Stored data entries
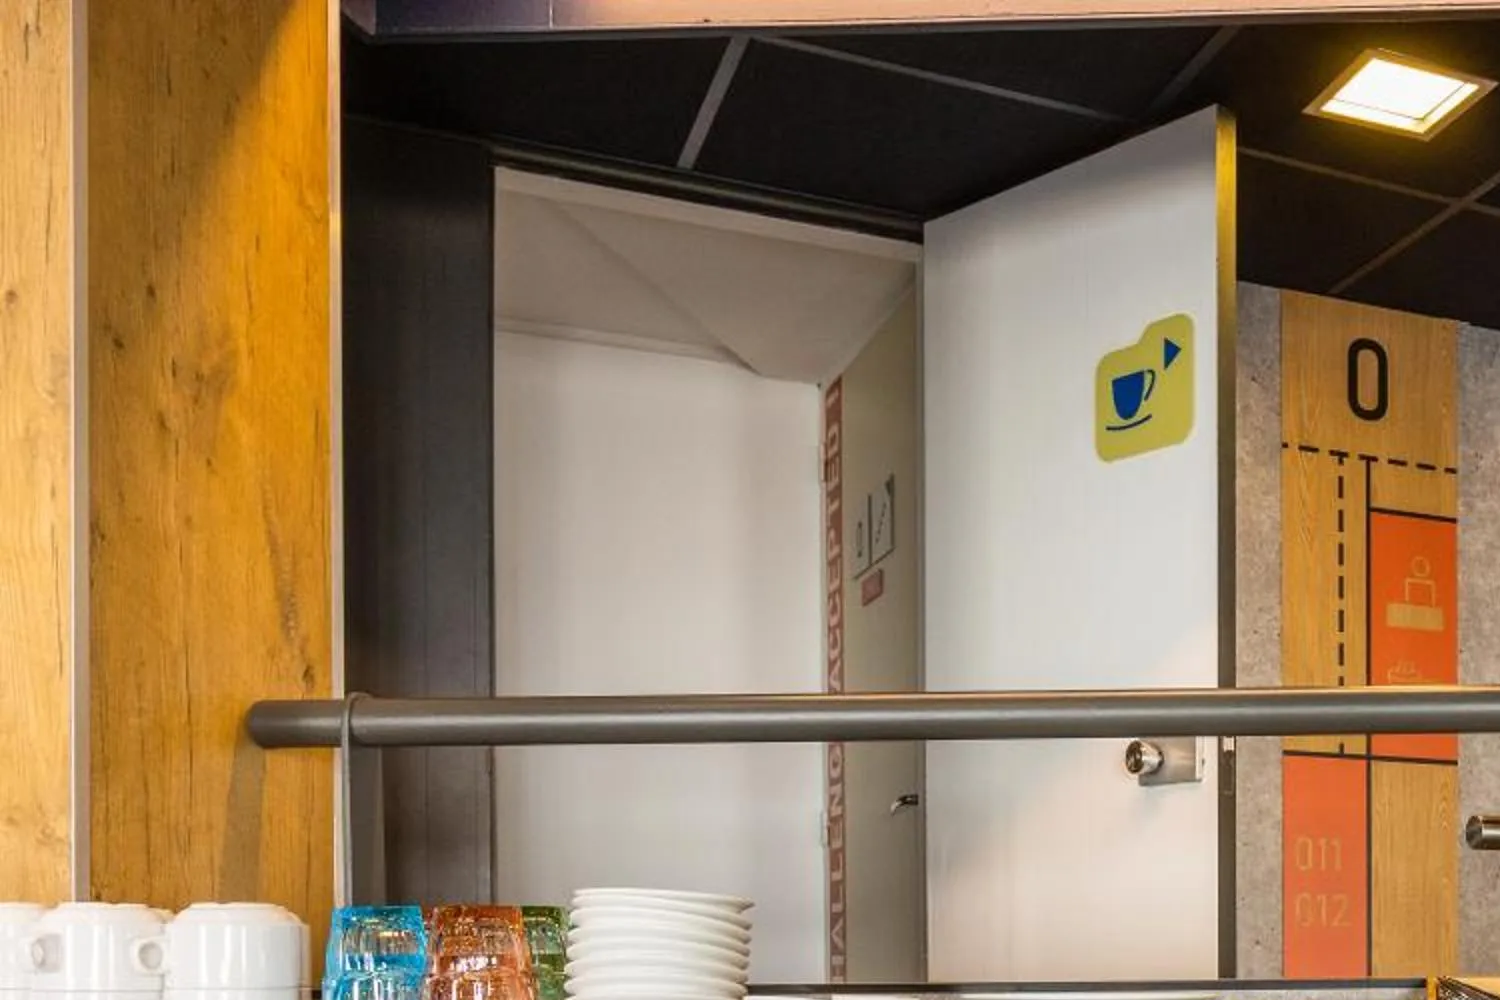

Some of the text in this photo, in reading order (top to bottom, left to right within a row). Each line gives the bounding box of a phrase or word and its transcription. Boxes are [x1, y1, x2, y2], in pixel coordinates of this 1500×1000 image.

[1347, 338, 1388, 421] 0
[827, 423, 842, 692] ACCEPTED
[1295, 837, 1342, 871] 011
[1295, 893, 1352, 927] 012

- What the exercise asks
Every entry above should come back exactly as written, except for its pictures.

- Response
Some of the text in this photo, in reading order (top to bottom, left to right within a row). Each line gives the bounding box of a phrase or word and its transcription. Boxes are [x1, y1, x2, y2], in pixel coordinates of this 1500×1000 image.

[1347, 338, 1388, 421] 0
[827, 423, 842, 692] ACCEPTED
[1295, 837, 1342, 871] 011
[1295, 893, 1352, 927] 012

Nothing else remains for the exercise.